* **Problem requirements**
The reply should repeat all of the data word for word, with no pictures.
++++++++++++++++++++
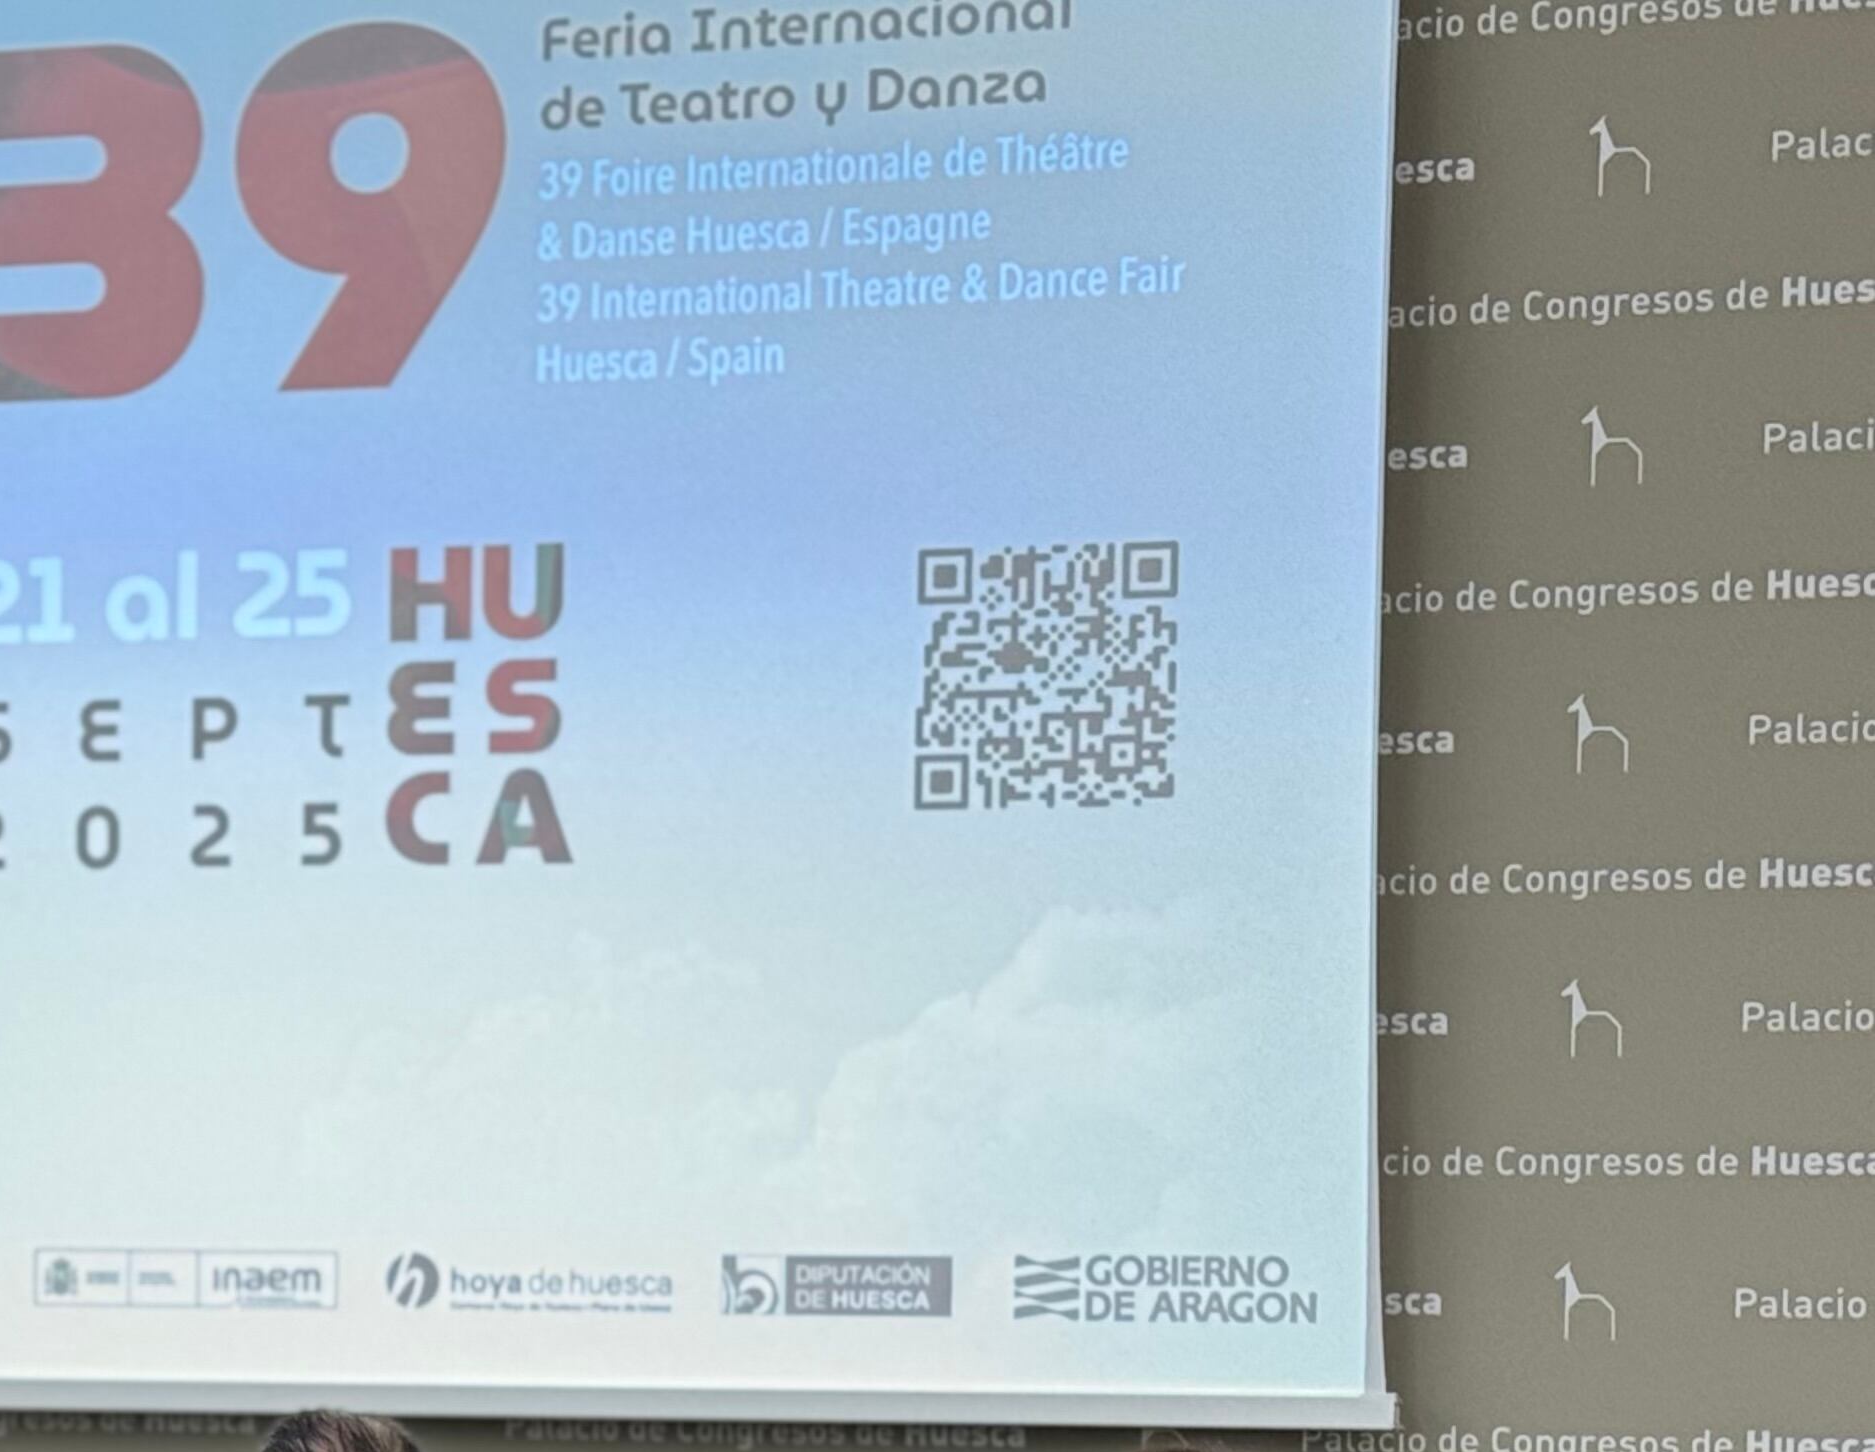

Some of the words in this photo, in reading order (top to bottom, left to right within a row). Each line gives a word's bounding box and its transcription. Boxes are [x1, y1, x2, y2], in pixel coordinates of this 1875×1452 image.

[543, 12, 671, 62] Feria
[691, 0, 1070, 52] Internacional
[1478, 5, 1518, 35] de
[1532, 0, 1722, 35] Congresos
[541, 86, 605, 131] de
[619, 82, 795, 125] Teatro
[816, 82, 846, 126] y
[868, 68, 1046, 112] Danza
[539, 160, 582, 200] 39
[594, 158, 676, 197] Foire
[688, 139, 932, 192] Internationale
[944, 136, 987, 178] de
[996, 132, 1129, 174] Théâtre
[1396, 158, 1475, 183] esca
[538, 222, 562, 262] &
[573, 222, 676, 259] Danse
[688, 216, 809, 253] Huesca
[820, 207, 834, 248] /
[844, 208, 991, 256] Espagne
[537, 283, 581, 323] 39
[591, 269, 812, 320] International
[821, 268, 951, 308] Theatre
[962, 263, 987, 303] &
[1000, 262, 1108, 301] Dance
[1120, 254, 1186, 295] Fair
[1470, 294, 1510, 324] de
[1524, 289, 1714, 325] Congresos
[1727, 279, 1768, 310] de
[537, 344, 657, 382] Huesca
[666, 336, 680, 378] /
[688, 336, 784, 386] Spain
[1764, 418, 1874, 453] Palaci
[106, 551, 198, 644] al
[233, 550, 351, 638] 25
[390, 542, 564, 642] HU
[1457, 581, 1496, 611] de
[1510, 580, 1698, 615] Congresos
[1712, 572, 1753, 602] de
[1768, 569, 1875, 599] Huesc
[385, 768, 573, 865] CA
[1450, 865, 1490, 894] de
[1504, 864, 1692, 900] Congresos
[1705, 860, 1746, 889] de
[1760, 858, 1872, 888] Huesc
[1742, 1000, 1874, 1032] Palacio
[1444, 1146, 1483, 1175] de
[1497, 1146, 1684, 1183] Congresos
[1697, 1146, 1738, 1175] de
[450, 1268, 522, 1299] hoya
[528, 1269, 563, 1295] de
[570, 1270, 673, 1296] huesca
[796, 1262, 929, 1288] DIPUTACIÓN
[1086, 1254, 1289, 1287] GOBIERNO
[796, 1290, 827, 1311] DE
[831, 1290, 929, 1311] HUESCA
[1085, 1291, 1135, 1322] DE
[1148, 1291, 1318, 1323] ARAGON
[1735, 1288, 1866, 1319] Palacio
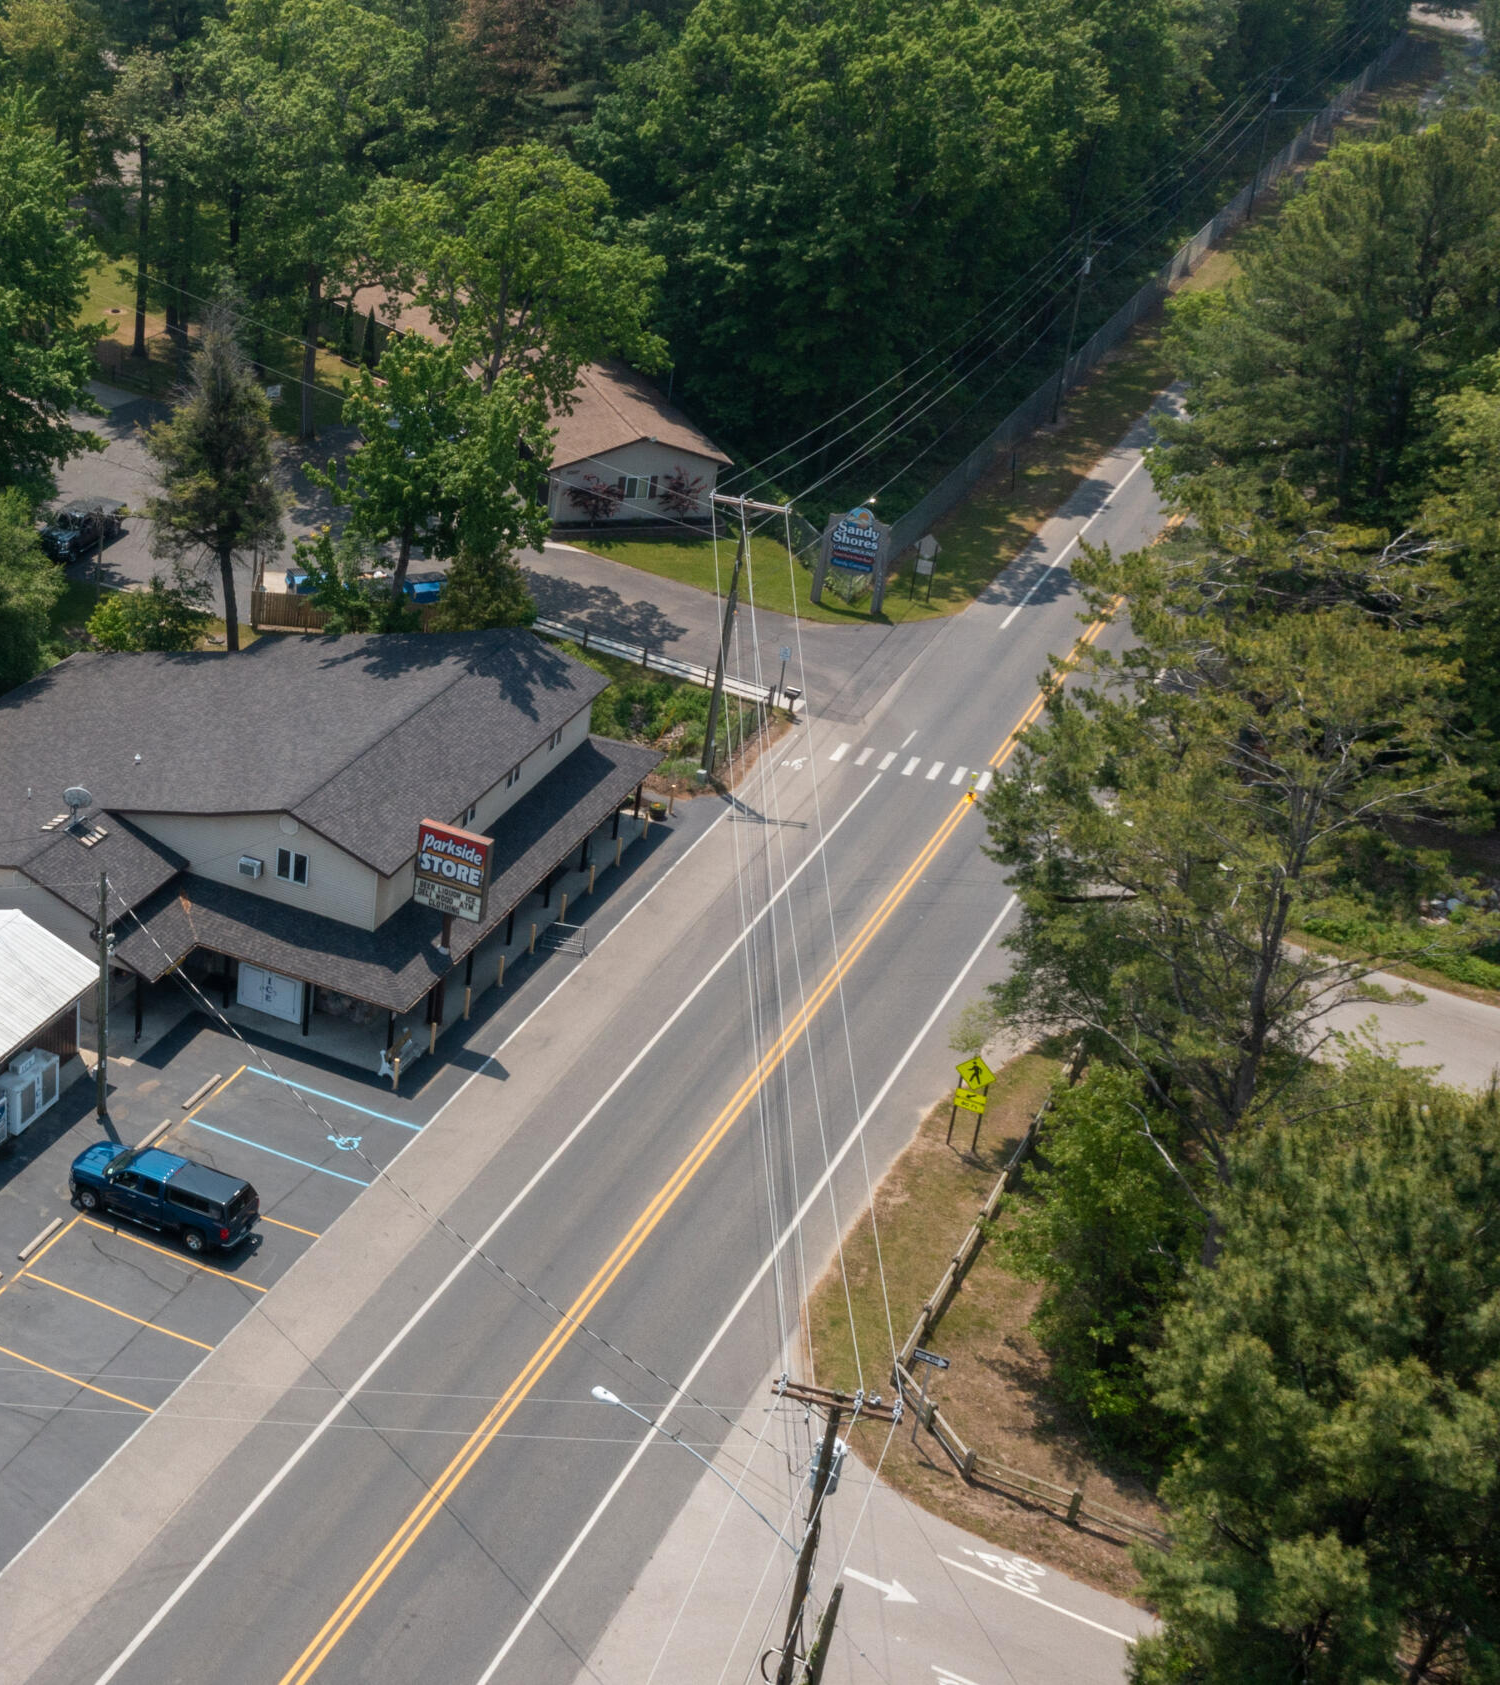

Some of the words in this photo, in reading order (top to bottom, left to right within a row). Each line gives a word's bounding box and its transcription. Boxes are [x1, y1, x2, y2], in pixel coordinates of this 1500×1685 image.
++++++++++++++++++++
* **Answer section**
Some of the words in this photo, in reading order (top to bottom, left to right within a row). Each line gives a word's bounding box and its transcription. Boxes are [x1, y1, x2, y2], in pixel coordinates of this 1875×1452 image.

[543, 12, 671, 62] Feria
[691, 0, 1070, 52] Internacional
[1478, 5, 1518, 35] de
[1532, 0, 1722, 35] Congresos
[541, 86, 605, 131] de
[619, 82, 795, 125] Teatro
[816, 82, 846, 126] y
[868, 68, 1046, 112] Danza
[539, 160, 582, 200] 39
[594, 158, 676, 197] Foire
[688, 139, 932, 192] Internationale
[944, 136, 987, 178] de
[996, 132, 1129, 174] Théâtre
[1396, 158, 1475, 183] esca
[538, 222, 562, 262] &
[573, 222, 676, 259] Danse
[688, 216, 809, 253] Huesca
[820, 207, 834, 248] /
[844, 208, 991, 256] Espagne
[537, 283, 581, 323] 39
[591, 269, 812, 320] International
[821, 268, 951, 308] Theatre
[962, 263, 987, 303] &
[1000, 262, 1108, 301] Dance
[1120, 254, 1186, 295] Fair
[1470, 294, 1510, 324] de
[1524, 289, 1714, 325] Congresos
[1727, 279, 1768, 310] de
[537, 344, 657, 382] Huesca
[666, 336, 680, 378] /
[688, 336, 784, 386] Spain
[1764, 418, 1874, 453] Palaci
[106, 551, 198, 644] al
[233, 550, 351, 638] 25
[390, 542, 564, 642] HU
[1457, 581, 1496, 611] de
[1510, 580, 1698, 615] Congresos
[1712, 572, 1753, 602] de
[1768, 569, 1875, 599] Huesc
[385, 768, 573, 865] CA
[1450, 865, 1490, 894] de
[1504, 864, 1692, 900] Congresos
[1705, 860, 1746, 889] de
[1760, 858, 1872, 888] Huesc
[1742, 1000, 1874, 1032] Palacio
[1444, 1146, 1483, 1175] de
[1497, 1146, 1684, 1183] Congresos
[1697, 1146, 1738, 1175] de
[450, 1268, 522, 1299] hoya
[528, 1269, 563, 1295] de
[570, 1270, 673, 1296] huesca
[796, 1262, 929, 1288] DIPUTACIÓN
[1086, 1254, 1289, 1287] GOBIERNO
[796, 1290, 827, 1311] DE
[831, 1290, 929, 1311] HUESCA
[1085, 1291, 1135, 1322] DE
[1148, 1291, 1318, 1323] ARAGON
[1735, 1288, 1866, 1319] Palacio

Some of the words in this photo, in reading order (top to bottom, left to right within a row). Each line gives a word's bounding box and its transcription. Boxes are [x1, y1, x2, y2], in pixel coordinates of this 1500×1685 image.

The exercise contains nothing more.